(EXERCISE GOAL):
Omit all pictures, then retype the data exactly as given.

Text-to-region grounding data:
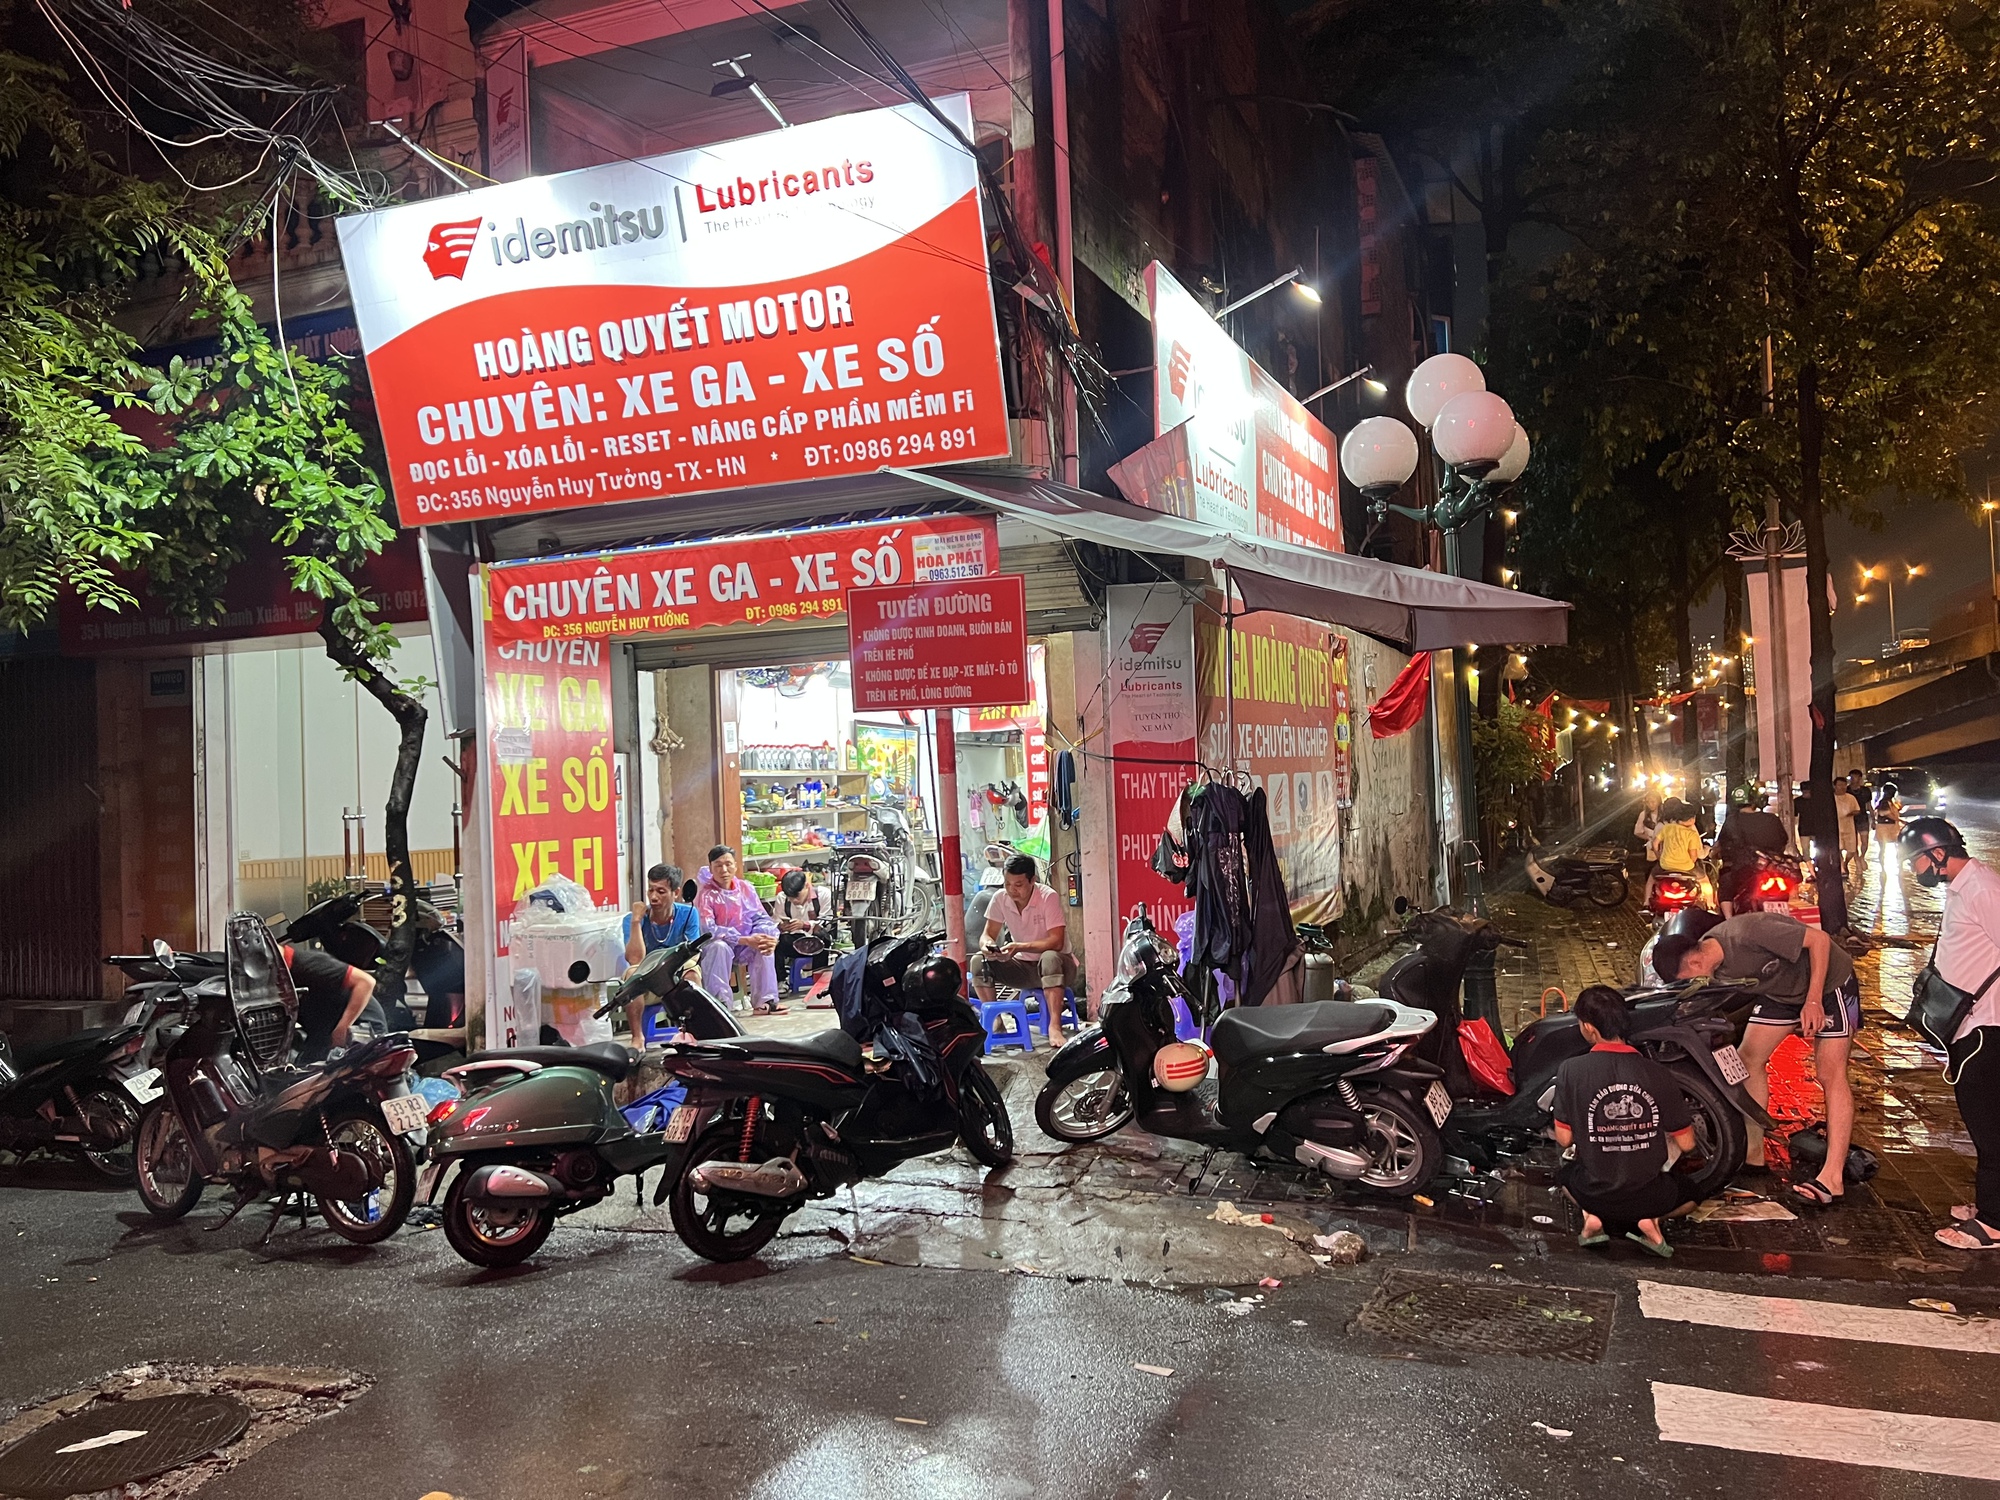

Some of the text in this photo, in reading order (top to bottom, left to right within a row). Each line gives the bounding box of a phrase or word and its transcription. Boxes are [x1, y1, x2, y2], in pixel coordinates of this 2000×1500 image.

[487, 159, 874, 266] idemitsu Lubricants
[473, 285, 854, 379] HOÀNG QUYẾT MOTOR
[417, 381, 607, 445] CHUYÊN:
[616, 371, 679, 418] XE
[690, 361, 756, 408] GA
[798, 344, 863, 394] XE
[877, 315, 944, 382] SỐ
[409, 460, 450, 485] ĐỌC
[454, 448, 487, 477] LỖI
[504, 444, 547, 470] XÓA
[551, 435, 585, 465] LỖI
[604, 429, 672, 457] RESET
[692, 419, 757, 447] NÂNG
[762, 406, 808, 437] CẤP
[814, 397, 881, 430] PHẦN
[886, 389, 947, 422] MỀM
[952, 390, 974, 413] Fi
[486, 477, 555, 506] Nguyễn
[557, 477, 594, 498] Huy
[596, 468, 662, 492] Tưởng
[675, 461, 702, 481] TX
[716, 455, 746, 477] HN
[897, 432, 935, 457] 294
[940, 426, 976, 449] 891
[1195, 453, 1248, 510] Lubricants
[504, 567, 641, 621] CHUYÊN
[651, 568, 698, 608] XE
[709, 562, 759, 602] GA
[792, 552, 840, 593] XE
[851, 529, 903, 586] SỐ
[917, 548, 982, 569] HÒA PHÁT
[929, 563, 984, 580] 0963.512.567
[543, 598, 843, 638] ĐC: 356 NGUYỄN HUY TƯỞNG ĐT: 0986 294 891
[877, 591, 992, 619] TUYẾN ĐƯỜNG
[863, 628, 889, 642] KHÔNG
[892, 627, 913, 642] ĐƯỢC
[915, 625, 935, 639] KINH
[937, 624, 968, 637] DOANH,
[969, 620, 993, 635] BUÔN
[994, 621, 1012, 633] BÁN
[864, 643, 914, 662] TRÊN HÈ PHỐ
[1120, 656, 1181, 671] idemitsu
[1232, 629, 1250, 700] GA
[1252, 624, 1296, 705] HOÀNG
[1298, 633, 1330, 713] QUYẾT
[866, 669, 892, 682] KHÔNG
[894, 667, 916, 683] ĐƯỢC
[917, 662, 929, 680] ĐỂ
[930, 667, 940, 679] XE
[1120, 681, 1182, 692] Lubricants
[495, 672, 607, 732] XE GA
[866, 683, 972, 702] TRÊN HÈ PHỐ, LÒNG ĐƯỜNG
[1154, 723, 1173, 731] MÁY
[1209, 711, 1236, 761] SỬ
[1237, 723, 1253, 759] XE
[1254, 718, 1296, 758] CHUYÊN
[1297, 720, 1329, 763] NGHIỆP
[499, 757, 549, 816] XE
[561, 738, 609, 813] SỐ
[1122, 772, 1156, 799] THAY
[511, 837, 603, 901] XE FI
[1122, 835, 1149, 868] PHỤ
[389, 1098, 422, 1116] 33-R3

(COMPLETED TASK):
Some of the text in this photo, in reading order (top to bottom, left to right within a row). Each line gives the bounding box of a phrase or word and its transcription. Boxes are [x1, y1, x2, y2], in pixel coordinates of this 2000×1500 image.

[487, 159, 874, 266] idemitsu Lubricants
[473, 285, 854, 379] HOÀNG QUYẾT MOTOR
[417, 381, 607, 445] CHUYÊN:
[616, 371, 679, 418] XE
[690, 361, 756, 408] GA
[798, 344, 863, 394] XE
[877, 315, 944, 382] SỐ
[409, 460, 450, 485] ĐỌC
[454, 448, 487, 477] LỖI
[504, 444, 547, 470] XÓA
[551, 435, 585, 465] LỖI
[604, 429, 672, 457] RESET
[692, 419, 757, 447] NÂNG
[762, 406, 808, 437] CẤP
[814, 397, 881, 430] PHẦN
[886, 389, 947, 422] MỀM
[952, 390, 974, 413] Fi
[486, 477, 555, 506] Nguyễn
[557, 477, 594, 498] Huy
[596, 468, 662, 492] Tưởng
[675, 461, 702, 481] TX
[716, 455, 746, 477] HN
[897, 432, 935, 457] 294
[940, 426, 976, 449] 891
[1195, 453, 1248, 510] Lubricants
[504, 567, 641, 621] CHUYÊN
[651, 568, 698, 608] XE
[709, 562, 759, 602] GA
[792, 552, 840, 593] XE
[851, 529, 903, 586] SỐ
[917, 548, 982, 569] HÒA PHÁT
[929, 563, 984, 580] 0963.512.567
[543, 598, 843, 638] ĐC: 356 NGUYỄN HUY TƯỞNG ĐT: 0986 294 891
[877, 591, 992, 619] TUYẾN ĐƯỜNG
[863, 628, 889, 642] KHÔNG
[892, 627, 913, 642] ĐƯỢC
[915, 625, 935, 639] KINH
[937, 624, 968, 637] DOANH,
[969, 620, 993, 635] BUÔN
[994, 621, 1012, 633] BÁN
[864, 643, 914, 662] TRÊN HÈ PHỐ
[1120, 656, 1181, 671] idemitsu
[1232, 629, 1250, 700] GA
[1252, 624, 1296, 705] HOÀNG
[1298, 633, 1330, 713] QUYẾT
[866, 669, 892, 682] KHÔNG
[894, 667, 916, 683] ĐƯỢC
[917, 662, 929, 680] ĐỂ
[930, 667, 940, 679] XE
[1120, 681, 1182, 692] Lubricants
[495, 672, 607, 732] XE GA
[866, 683, 972, 702] TRÊN HÈ PHỐ, LÒNG ĐƯỜNG
[1154, 723, 1173, 731] MÁY
[1209, 711, 1236, 761] SỬ
[1237, 723, 1253, 759] XE
[1254, 718, 1296, 758] CHUYÊN
[1297, 720, 1329, 763] NGHIỆP
[499, 757, 549, 816] XE
[561, 738, 609, 813] SỐ
[1122, 772, 1156, 799] THAY
[511, 837, 603, 901] XE FI
[1122, 835, 1149, 868] PHỤ
[389, 1098, 422, 1116] 33-R3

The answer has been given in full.